JPH02307209A - X-ray mask - Google Patents

Abstract

PURPOSE:To obtain an X-ray mask having an X-ray transmission layer in which an optimum stress is provided and characteristics are not varied in age even by irradiating an X-ray by forming the layer of a titanium implanted layer in which titanium ions are implanted to a mask support layer made of a thin silicon film. CONSTITUTION:A mask support 2 made of a thin silicon film, an X-ray transmission layer 3 formed on the support 2, and an X-ray absorption layer 4 laminated on the layer 3 and formed in a pattern are provided, and the layer 4 is formed of a titanium implanted layer in which titanium ions are implanted to the support 2. For example, the layer 3 made of the titanium implanted layer is formed by implanting titanium ions in concentration of 8X10<15> ions/cm<2> at 50kV on the surface of the support 2. Then, the layer made of a thin tungsten film is laminated, etched with the pattern of an electron beam resist layer as a mask by reactive ion etching to form a pattern 4a of the layer 4.

Description

DETAILED DESCRIPTION OF THE INVENTION Field of the Invention The present invention relates to an X-ray mask used in X-ray exposure for forming patterns of semiconductor integrated circuits.
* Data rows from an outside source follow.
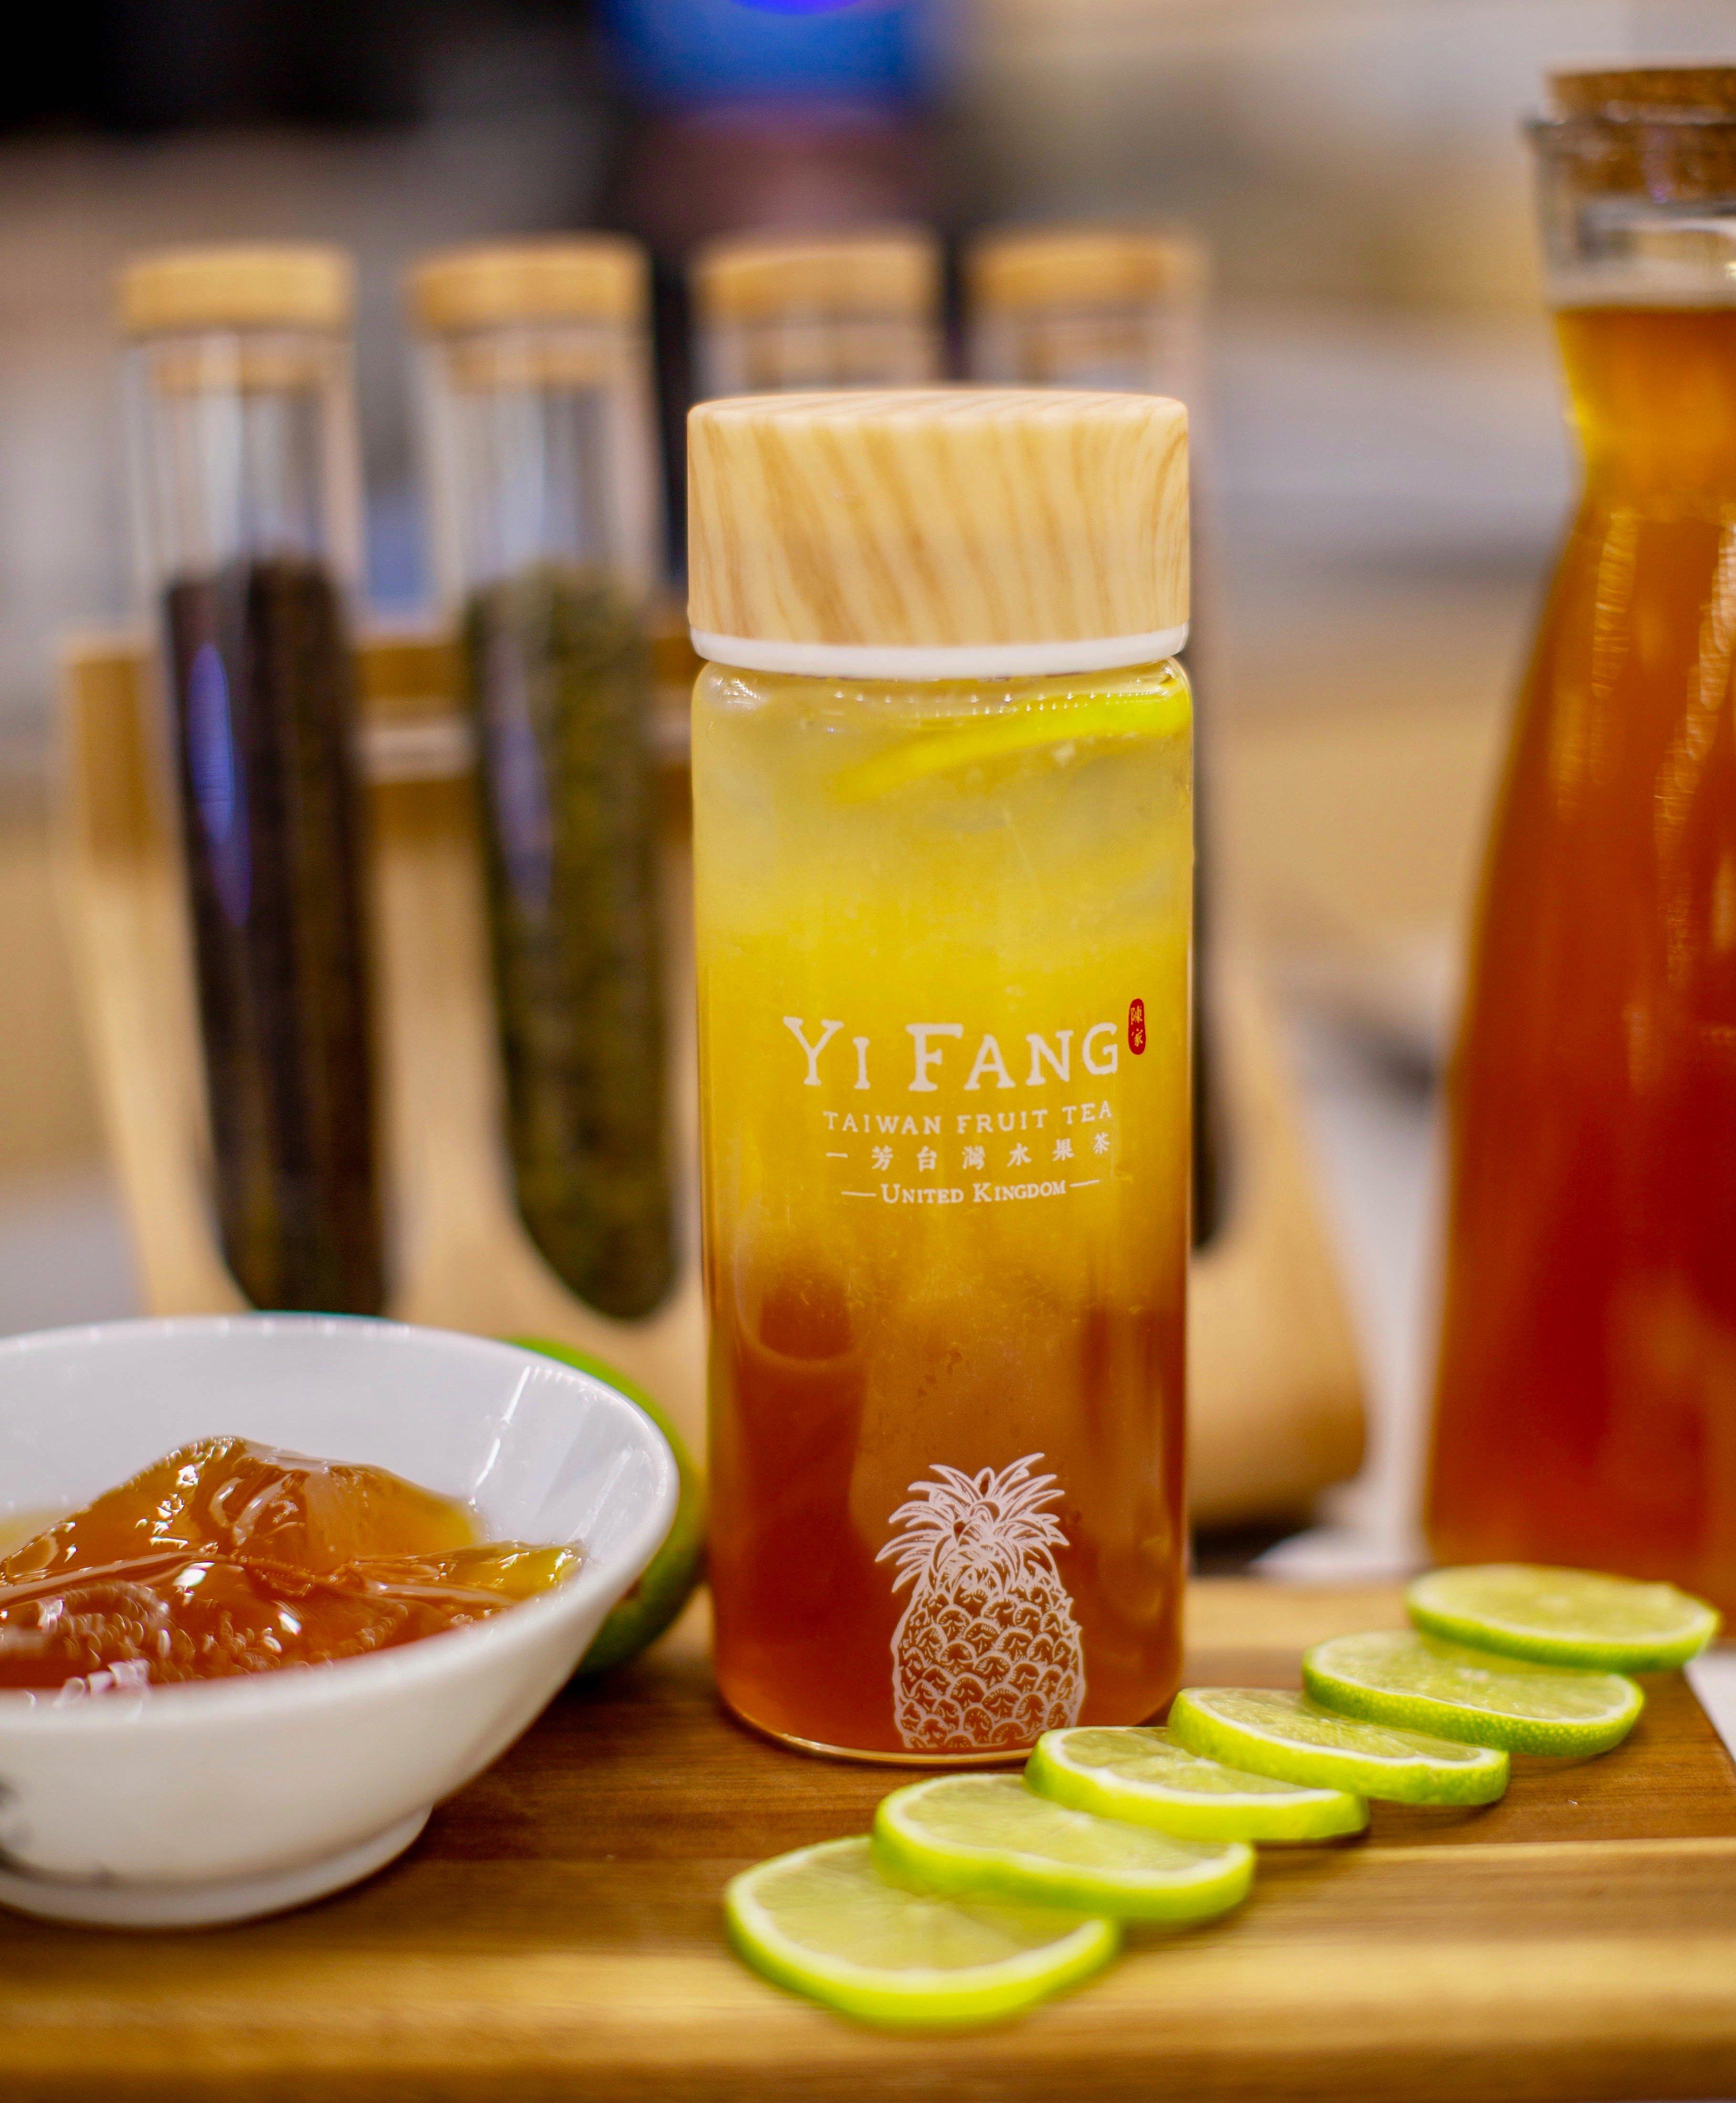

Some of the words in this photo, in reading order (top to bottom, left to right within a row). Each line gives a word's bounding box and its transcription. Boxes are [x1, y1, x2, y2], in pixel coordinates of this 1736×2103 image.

[783, 1016, 870, 1090] YI
[905, 1022, 1119, 1092] FANG
[823, 1110, 942, 1135] TAIWAN
[957, 1109, 1048, 1135] FRUIT
[1062, 1100, 1112, 1126] TEA
[880, 1183, 964, 1205] UNITED
[973, 1180, 1066, 1203] KINGDOM
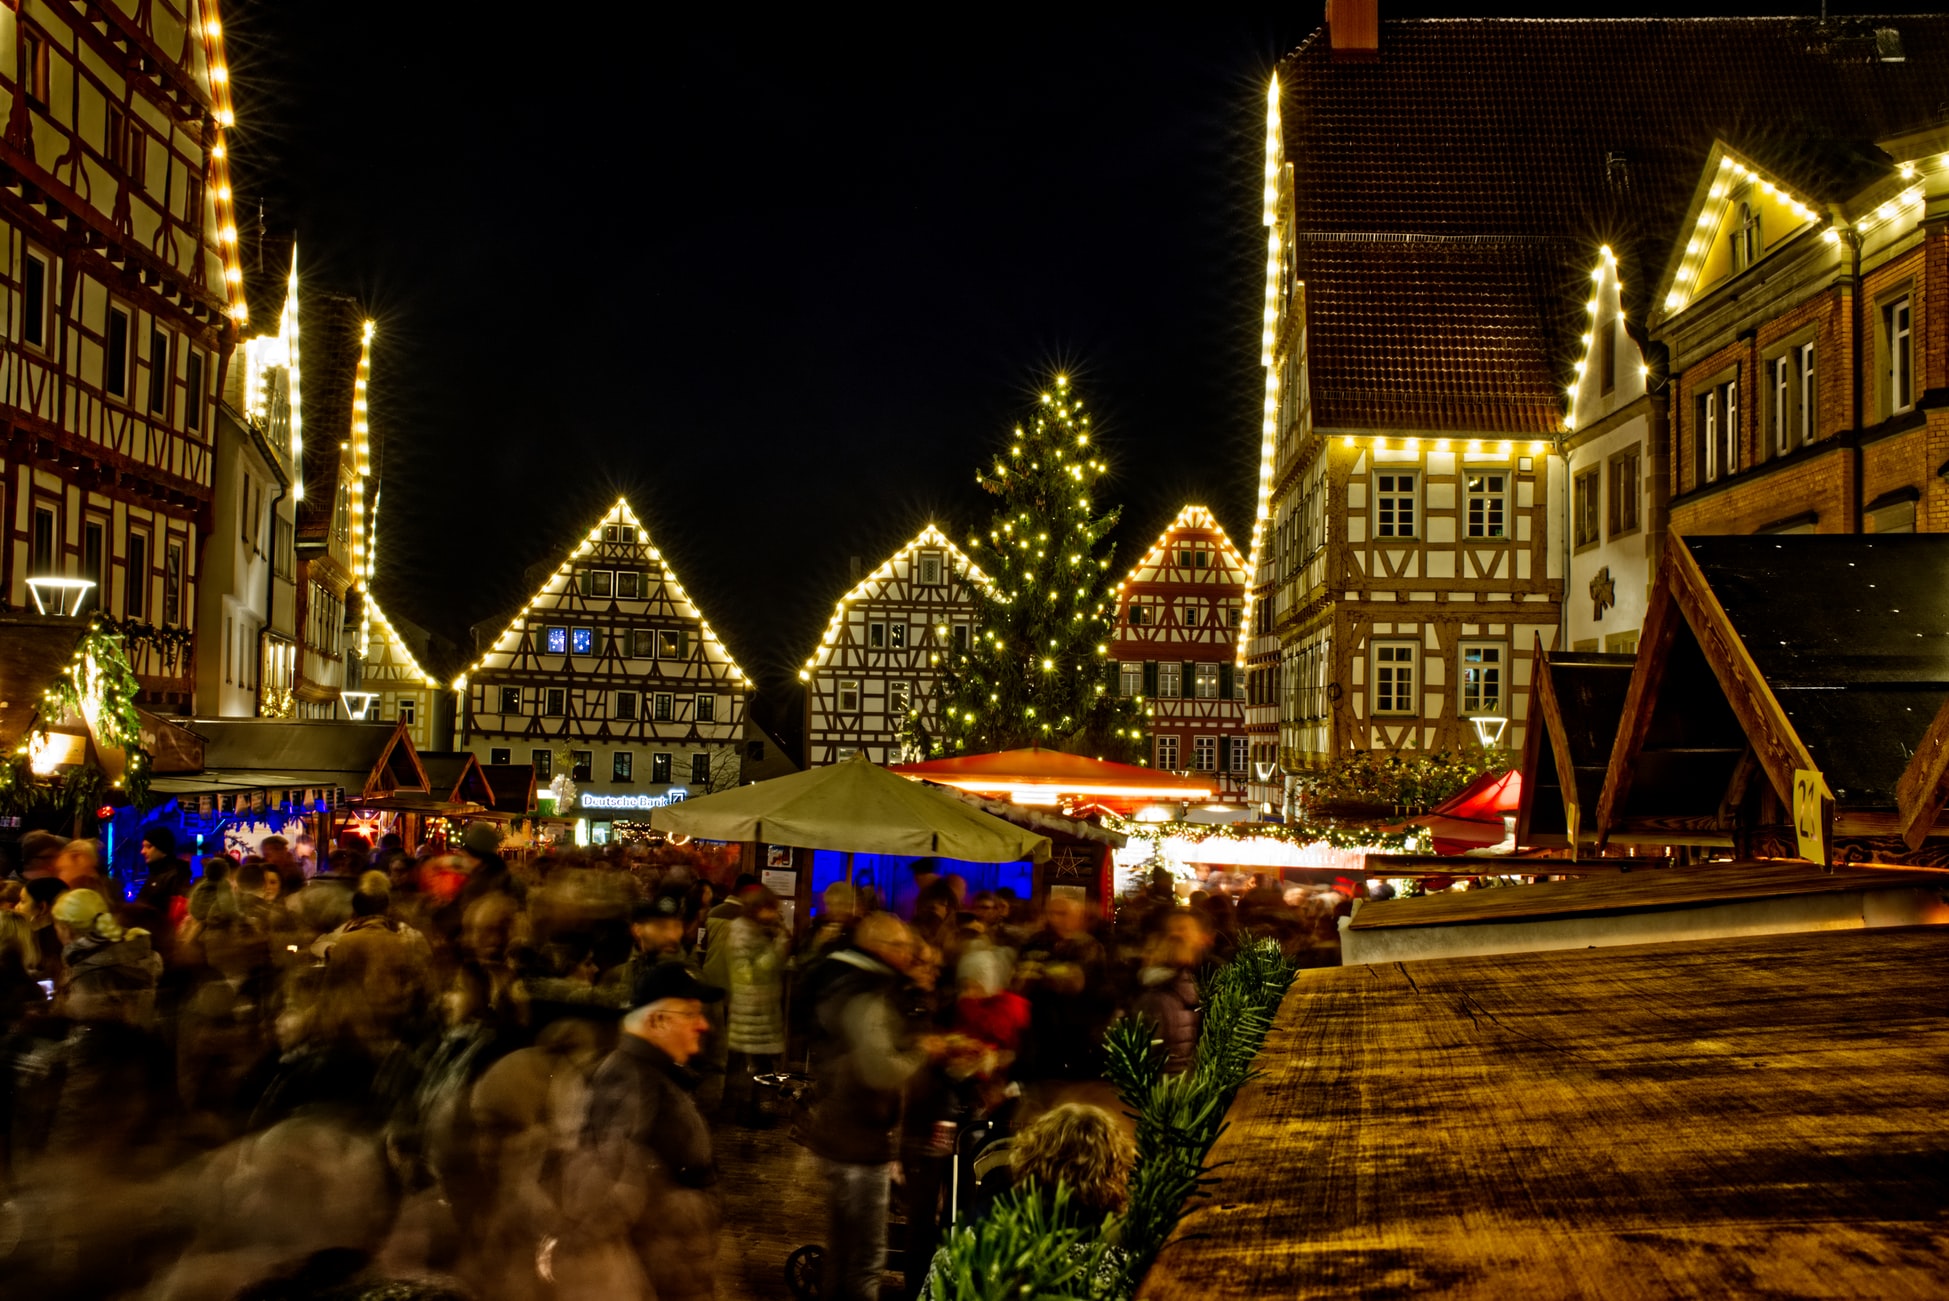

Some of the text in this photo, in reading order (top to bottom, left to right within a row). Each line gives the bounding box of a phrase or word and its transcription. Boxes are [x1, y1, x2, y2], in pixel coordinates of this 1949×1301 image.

[583, 794, 667, 808] Deutsche Bank
[1798, 779, 1817, 841] 21
2. Description of the Related Art As semiconductor integrated circuits become more highly integrated, patterns are becoming increasingly finer, and it is desired to establish submicron pattern exposure technology. With conventional light exposure, it is difficult to form submicron patterns due to the influence of diffraction, and electron beam, ion beam, or
Exposure technology using lines is being developed.

Comparing these methods in terms of productivity, X-ray exposure, which allows batch exposure, is superior to electron beam exposure and ion beam exposure, and is therefore more practical. In this X-ray exposure, the sleeve of the X-ray mask is extremely important.

FIGS. 4(a) to 4(d) are schematic cross-sectional views illustrating the manufacturing process of a conventional X-ray mask, and the conventional X-ray mask and its manufacturing method will be explained based on the drawings.

As shown in FIG. 4(a), an X-ray transmitting body 12 is formed on a silicon wafer 11 serving as an X-ray mask support, and an X-ray absorbing body 13 is further formed on this.

Next, as shown in FIG. 4(b), a resist pattern 14 of a predetermined shape is formed, and one or more steps of etching the X-ray absorber 13 located directly under the opening L4a of this resist pattern 14 are performed. As a result, an X-ray absorber pattern 15 as shown in FIG. 4(c) is obtained. Finally, the silicon substrate top 11 is etched from the back side, and the outer peripheral frame 1 is etched.
By leaving only 6, X as shown in Figure 4(d)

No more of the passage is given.